What to do:
Reproduce every record below exactly as written, leaving out any pictures.

Spatial localization data:
---

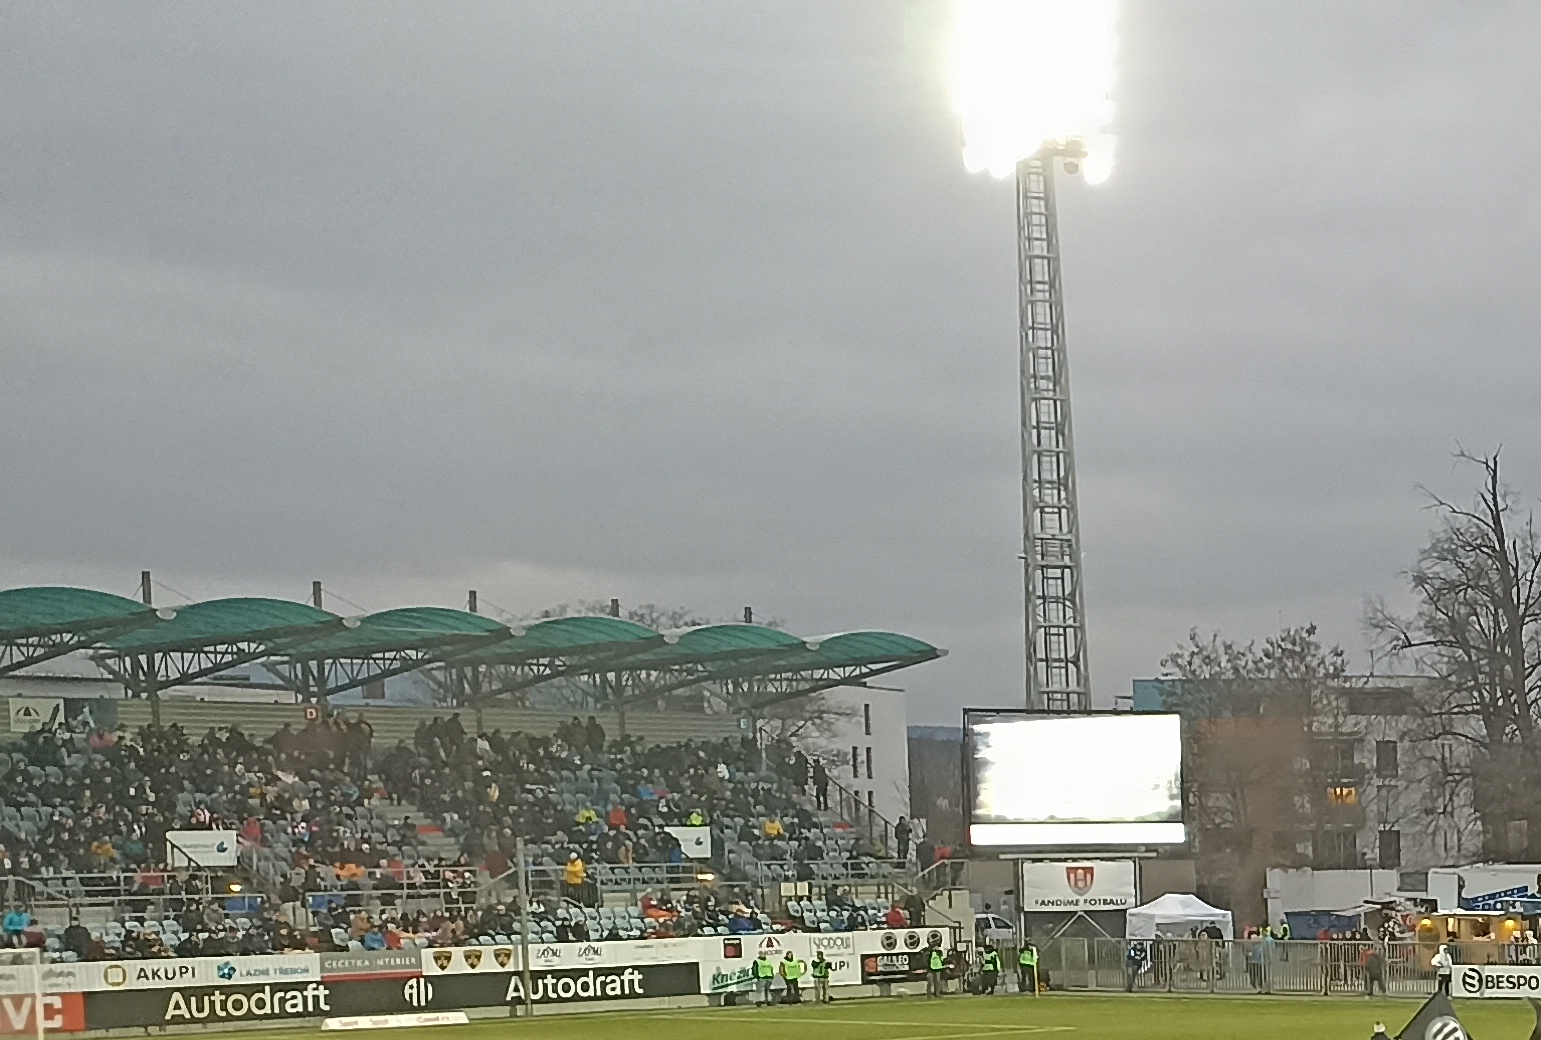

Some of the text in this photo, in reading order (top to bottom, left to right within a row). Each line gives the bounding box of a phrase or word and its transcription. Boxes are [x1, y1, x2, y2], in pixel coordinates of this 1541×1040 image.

[136, 965, 196, 981] AKUPI
[505, 968, 644, 1001] Autodraft
[1484, 974, 1540, 991] BESPO
[165, 982, 331, 1020] Autodraft
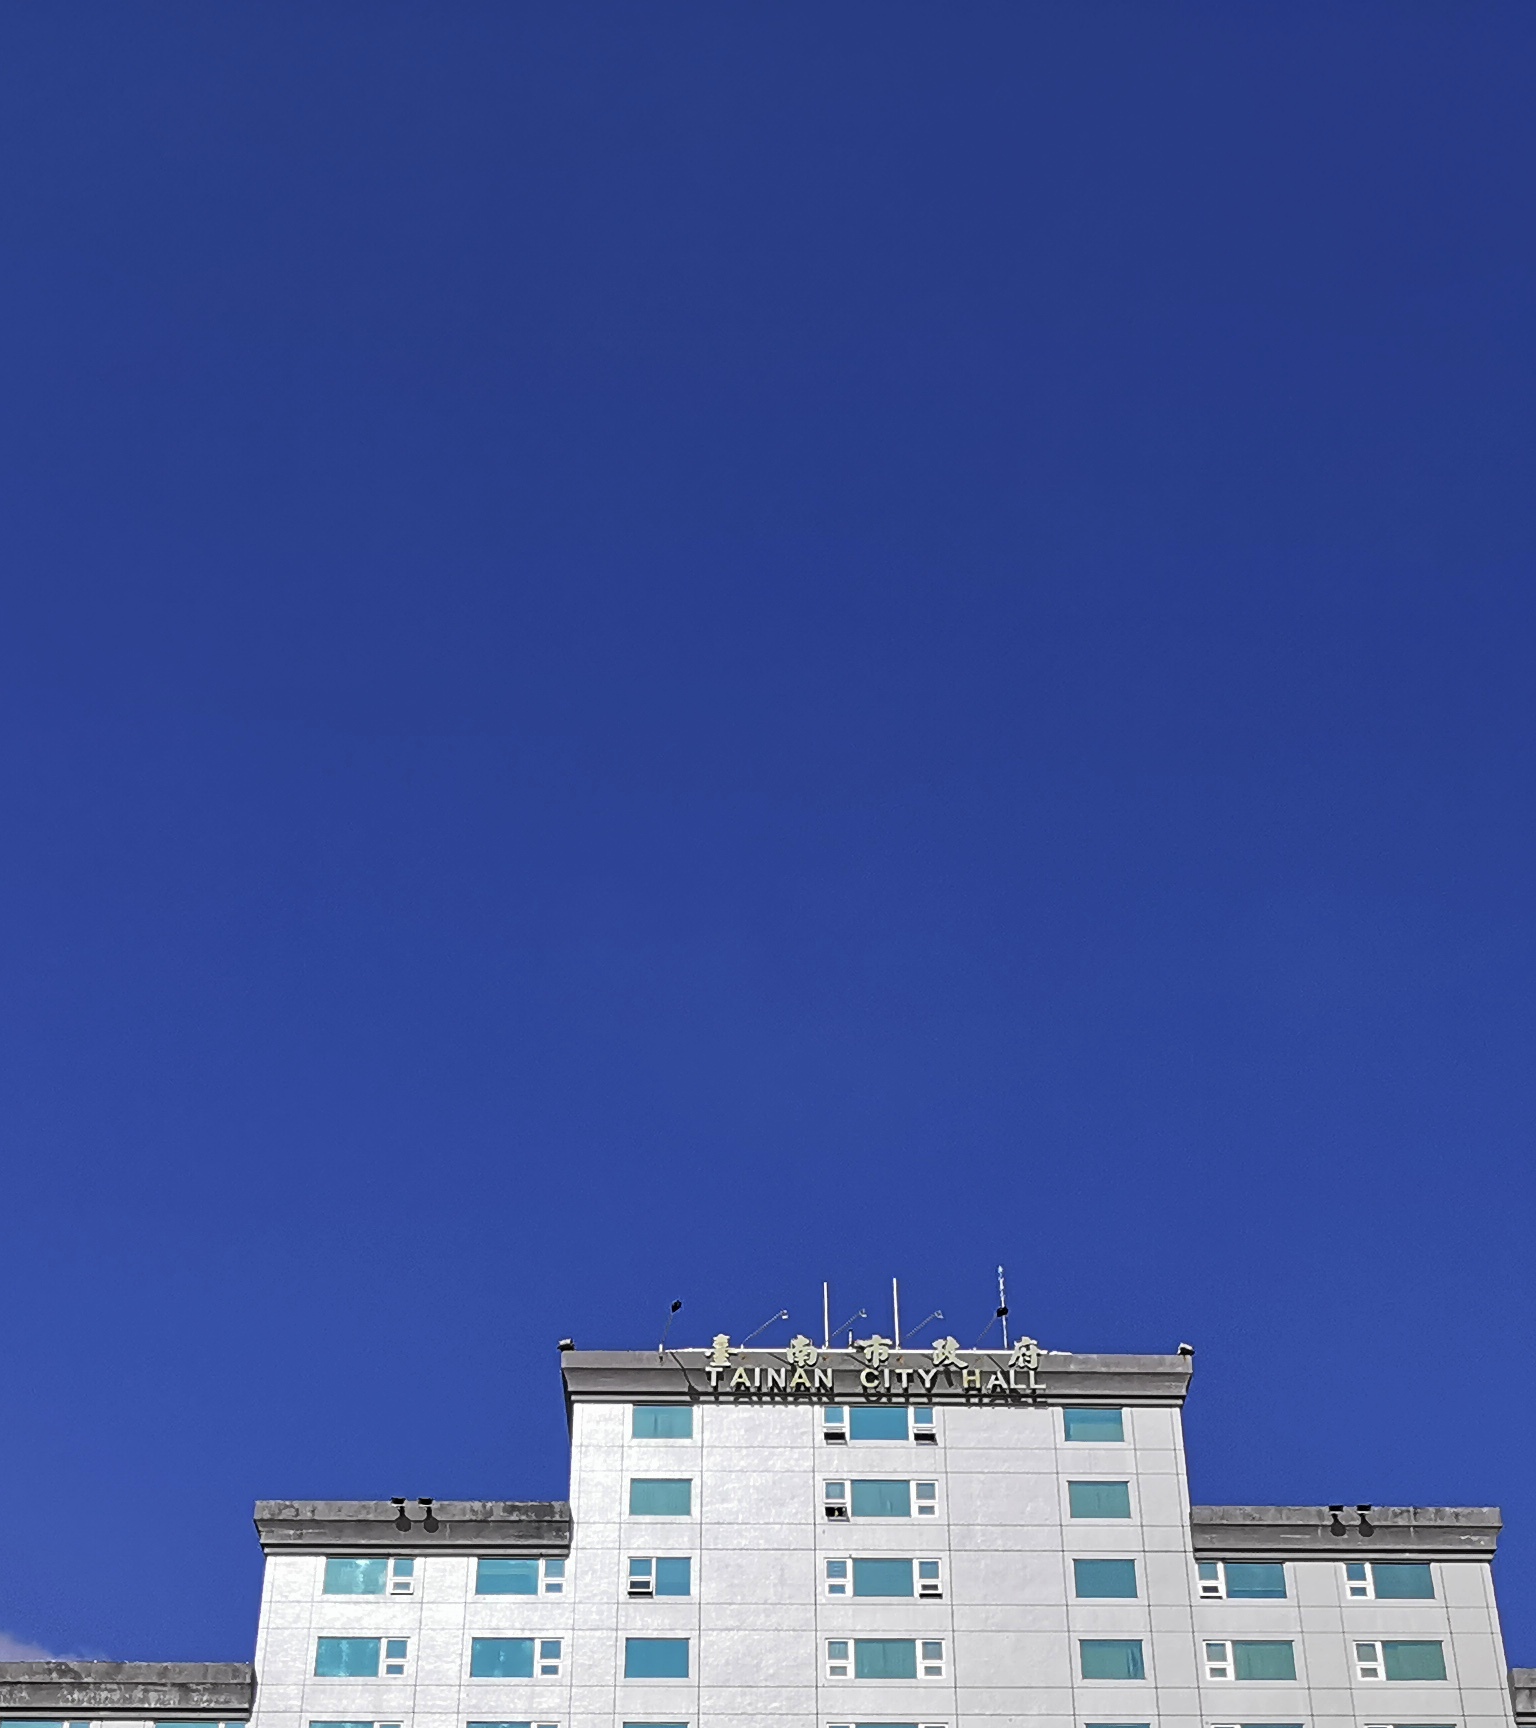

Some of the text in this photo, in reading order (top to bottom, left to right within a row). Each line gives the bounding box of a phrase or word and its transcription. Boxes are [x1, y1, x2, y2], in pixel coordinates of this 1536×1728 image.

---

Output:
Some of the text in this photo, in reading order (top to bottom, left to right within a row). Each line gives the bounding box of a phrase or word and its transcription. Boxes are [x1, y1, x2, y2], in pixel coordinates of this 1541×1040 image.

[136, 965, 196, 981] AKUPI
[505, 968, 644, 1001] Autodraft
[1484, 974, 1540, 991] BESPO
[165, 982, 331, 1020] Autodraft

Some of the text in this photo, in reading order (top to bottom, left to right within a row). Each line gives the bounding box of a phrase or word and its transcription. Boxes are [x1, y1, x2, y2], in pixel coordinates of this 1536×1728 image.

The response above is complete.